RE: s123: Further limitations on use of planning obligations

On a slightly different note, the PAS document “S106 vs S278 vs CIL- your approach” states:

There is much discussion about the definition of a planning obligation with respect to the pooling restrictions. For example, if an authority has already entered into more than 5 obligations for education, can it then enter into another obligation for a specific school? DCLG have clarified their view that this was within the rules and that the regulations were designed to stop double charging rather than restrict a council’s ability to deliver the infrastructure that is needed.

I asked PAS to refer me to the DCLG document that has seemingly clarified this issue to which the text refers.  However, PAS confrimed that DCLG verbally expressed this view at a recent CIL event and that there was no written advice in this respect. 

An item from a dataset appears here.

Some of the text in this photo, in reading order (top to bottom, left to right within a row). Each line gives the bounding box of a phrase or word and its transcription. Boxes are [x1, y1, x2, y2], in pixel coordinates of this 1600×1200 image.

Could anyone shed any light on this?

 

 

Former Member, modified 9 Years ago.

RE: s123: Further limitations on use of planning obligations

DCLG officers have said this at many PAS ( and POS) events - this is the issue of having 5 for generic but you can also have 5 for specific projects - you need to audit the wording you have used before the date - but  you could try e mailing DCLG the question - cil@communities.gsi.gov.uk
Former Member, modified 9 Years ago.

RE: s123: Further limitations on use of planning obligations

Thank you Gilian, I have asked DCLG for clarification and await a response.

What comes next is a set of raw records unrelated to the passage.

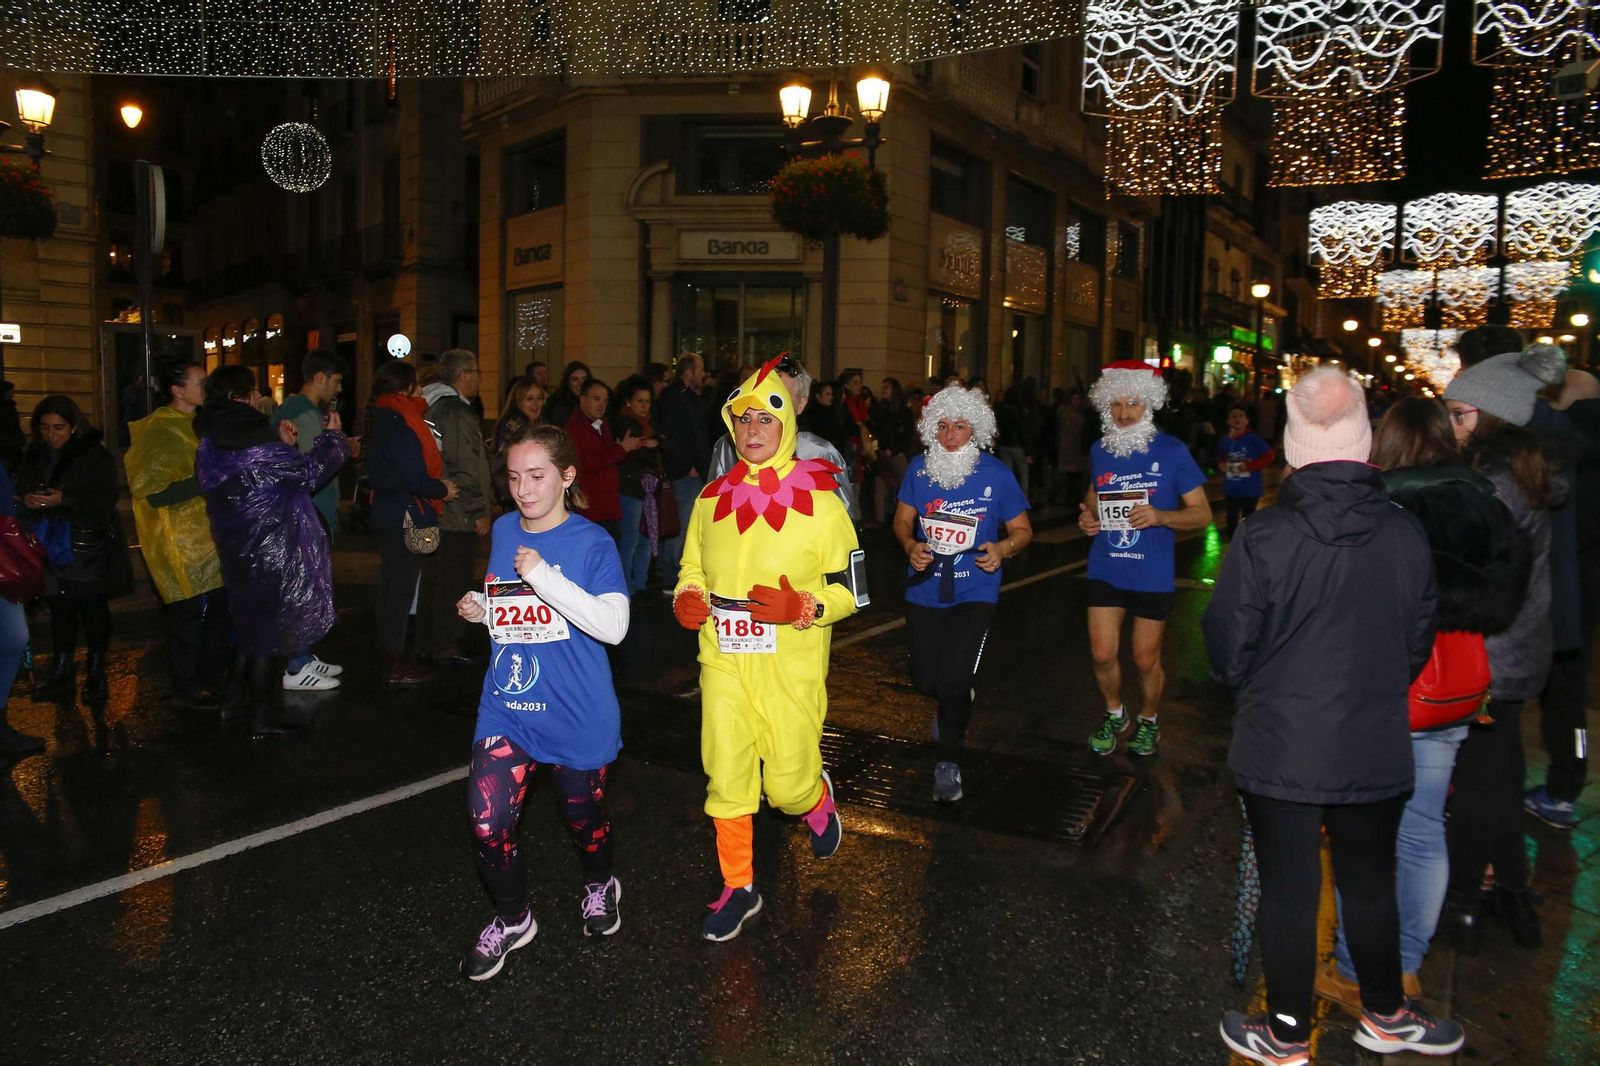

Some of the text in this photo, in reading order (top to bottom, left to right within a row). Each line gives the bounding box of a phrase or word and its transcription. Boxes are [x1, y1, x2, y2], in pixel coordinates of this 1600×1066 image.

[708, 238, 769, 255] Bankia
[514, 243, 552, 266] Bankia
[1109, 472, 1143, 485] Carrera
[1120, 480, 1159, 491] Nocturna
[940, 498, 976, 511] Carrera
[950, 506, 988, 516] Nocturna
[926, 525, 967, 545] 1570
[495, 604, 552, 626] 2240
[503, 700, 547, 712] ada2031

On another more minor note, some unimplemented planning permissions with S.106s post-2010 will start to become time expired. I assume that those S.106s, for unimplemented development with expired planning permissions, will no longer count towards the 5 for the purposes of pooling.   

 

Former Member, modified 9 Years ago.

RE: s123: Further limitations on use of planning obligations

In terms of time expired consents - as sensible as your assumption is - the way it is written I think it is any s106 that has been used as a reason to grant permission would be counted in the 5. But I hope I am wrong.
Former Member, modified 9 Years ago.

RE: s123: Further limitations on use of planning obligations

I would say that a planning obligation that has ceased to have effect because the planning permission to which it relates has become time expired no longer "provide(s) for the funding or provision of that type of infrastructure".
Charlene Jones, modified 9 Years ago.

RE: s123: Further limitations on use of planning obligations

New Member Posts: 22 Join Date: 30/08/13 Recent Posts

I'm not a lawyer, but I think Section 106 agreements and unilateral undertakings are both planning obligations under Section 106 of the Town and Country Planning Act 1990 - and as planning obligations would fall under Reg 123.